SOUS UN AUTRE ASPECT.

Ce morceau est tiré d'un ouvrage inédit.

EH quoi! grand monarque, avec toute ta puissance et ton orgueil, tu ne pourras donc jamais montrer dans tes villes, dans tes compagnes, ces miracles de l'industrie, qui enrichissent cette province de Hollande, conquise sur la mer par ses habitans; et que tes valeureuses armées ne purent t'assujettir!
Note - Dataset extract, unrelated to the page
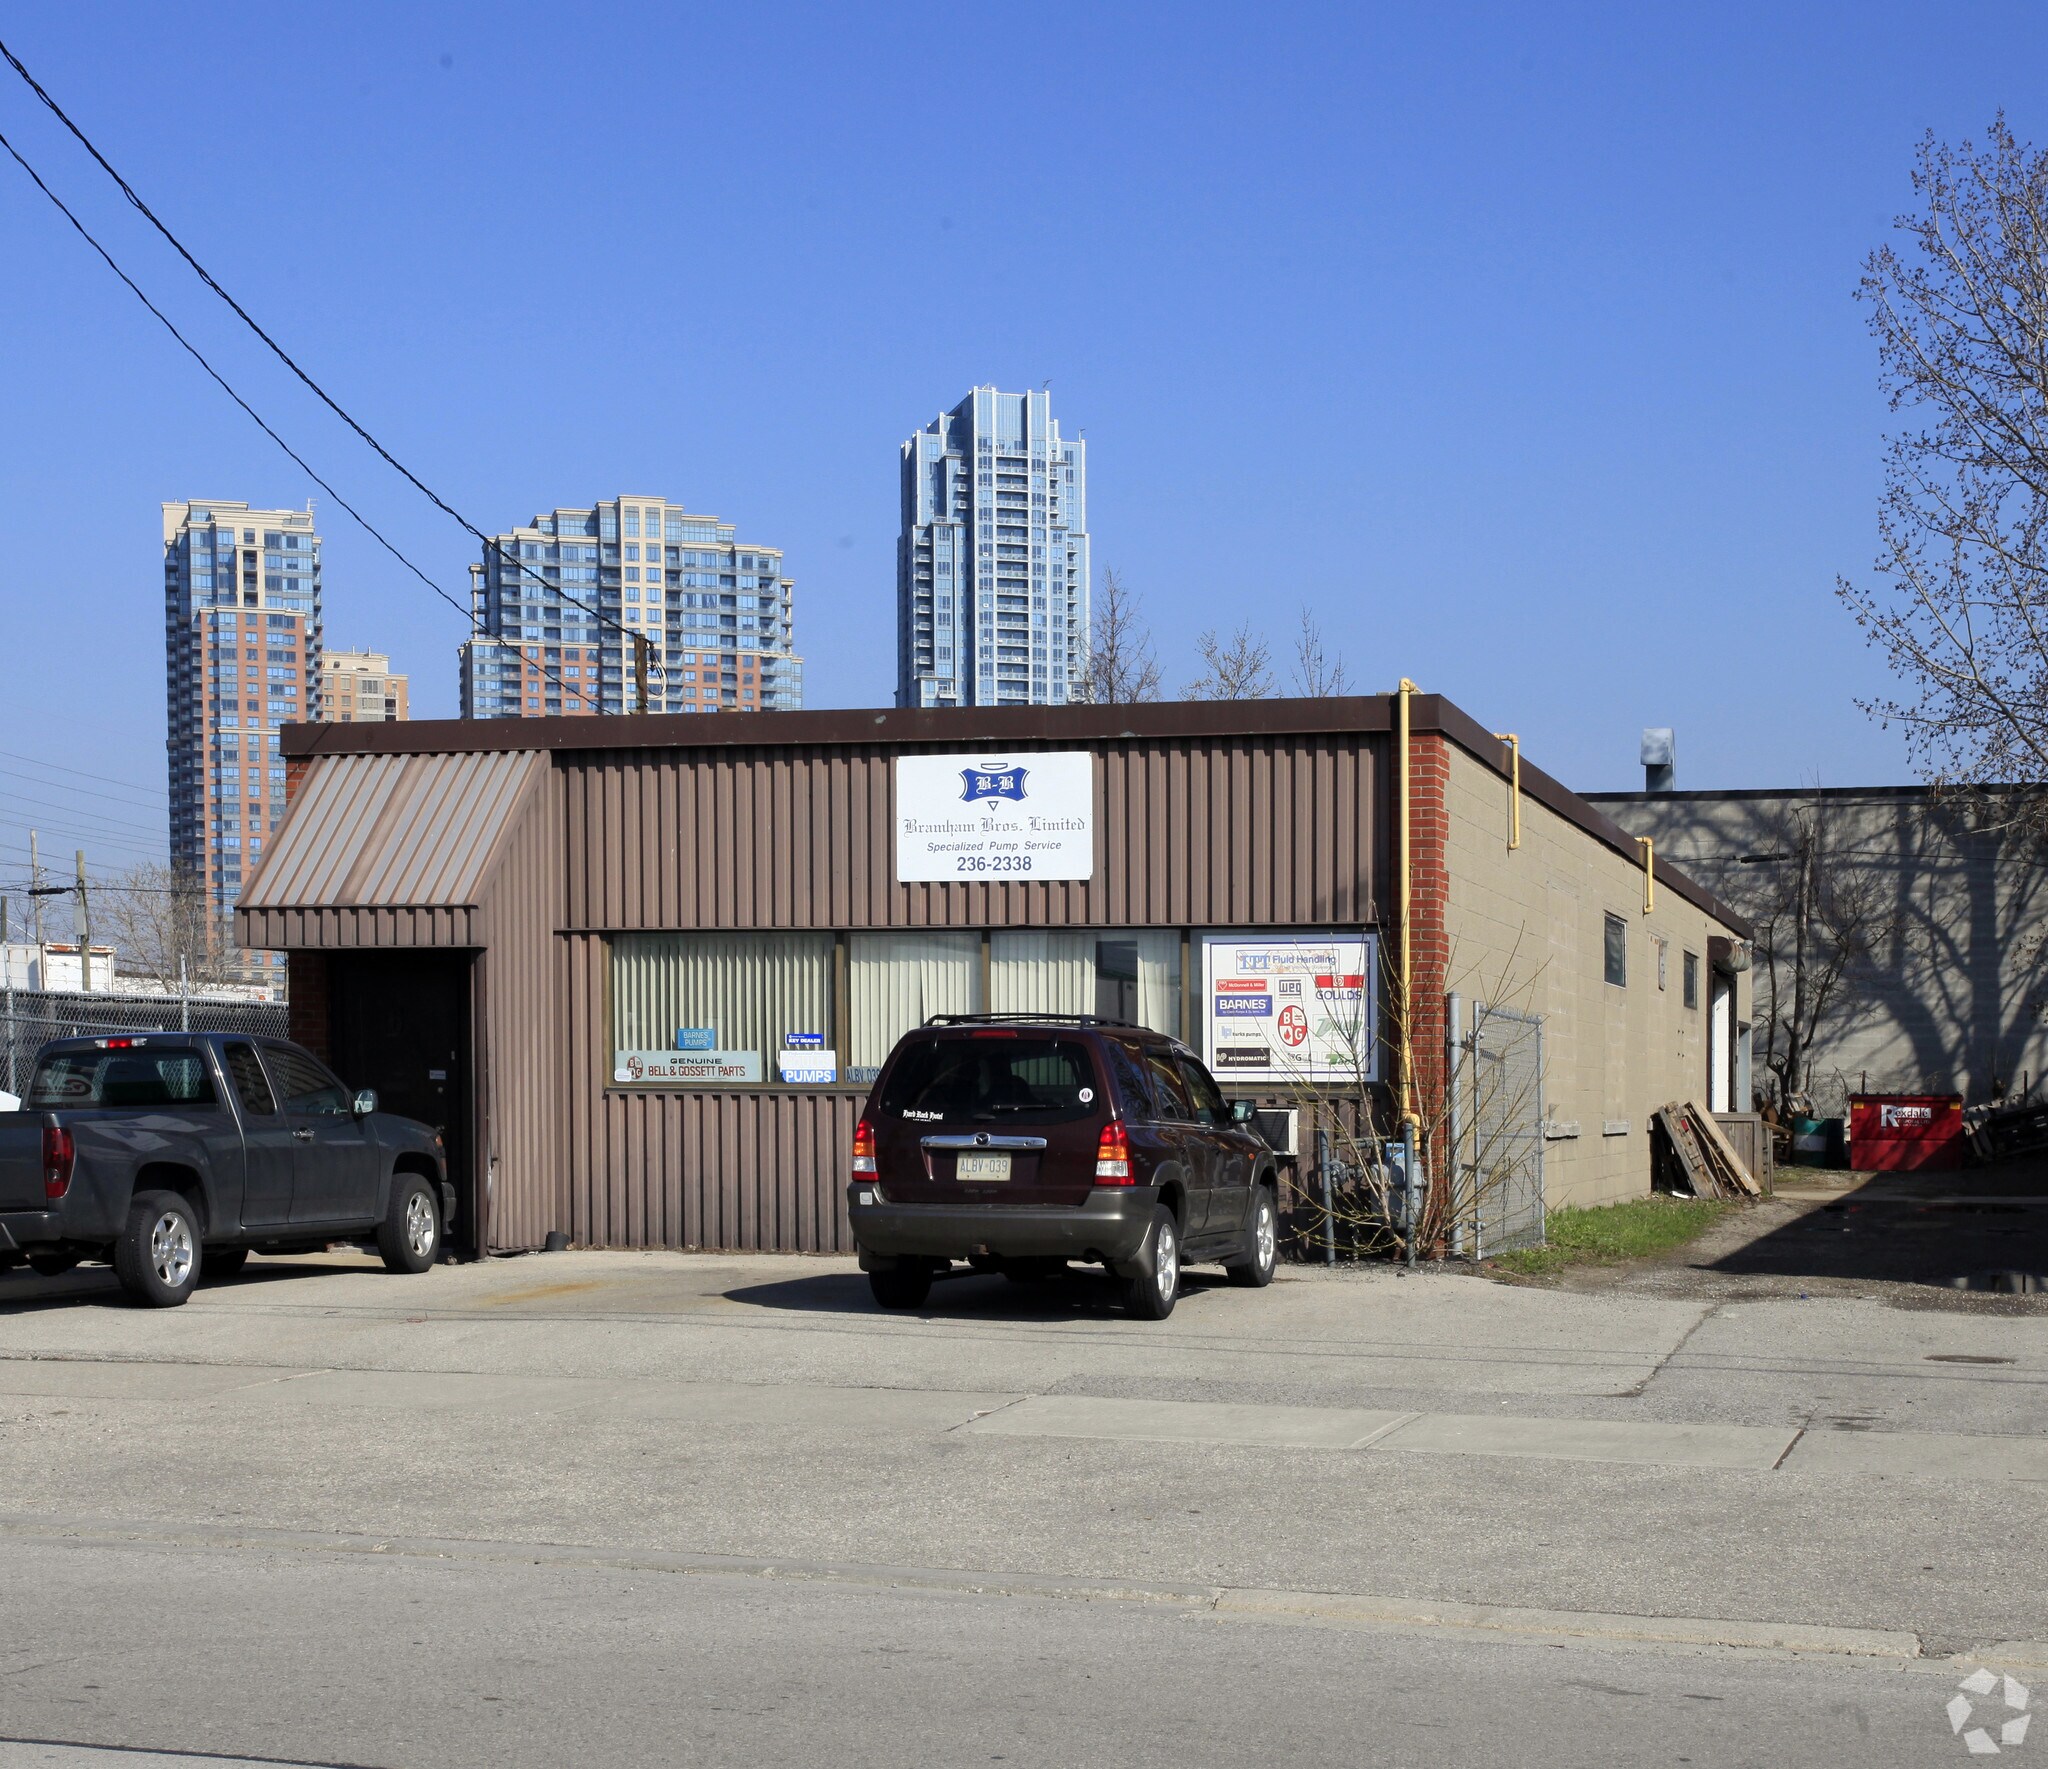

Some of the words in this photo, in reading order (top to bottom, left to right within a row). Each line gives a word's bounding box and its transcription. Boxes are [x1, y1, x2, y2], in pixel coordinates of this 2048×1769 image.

S'il te faut renoncer, par les vices de la constitution que tu laissas à ton empire, à ce qu'un despotisme, vraiment magnifique, pourrait avoir de bienfaisant; du moins, par l'éclat des beaux-arts, ne laisse pas ta capitale au-dessous de cette Athènes, éternelle par cette gloire; de qui la ville du monde reçut toutes ses pompes ; et de qui seule tu peux encore apprendre, aujour

d'hui, à faire rivaliser ta vaste monarchie, avec cette petite république.

Voilà le vœu que Louis a dignement accompli. Le faste des rois a un charme qui séduit, un ascendant qui subjugue ; l'adulation l'a mieux secondé ici, que le zèle dans de meilleures choses; la vanité nationale s'est émue où se taisait l'esprit public; les murmures sur ces ruineuses constructions, n'ont commencé que dans la postérité.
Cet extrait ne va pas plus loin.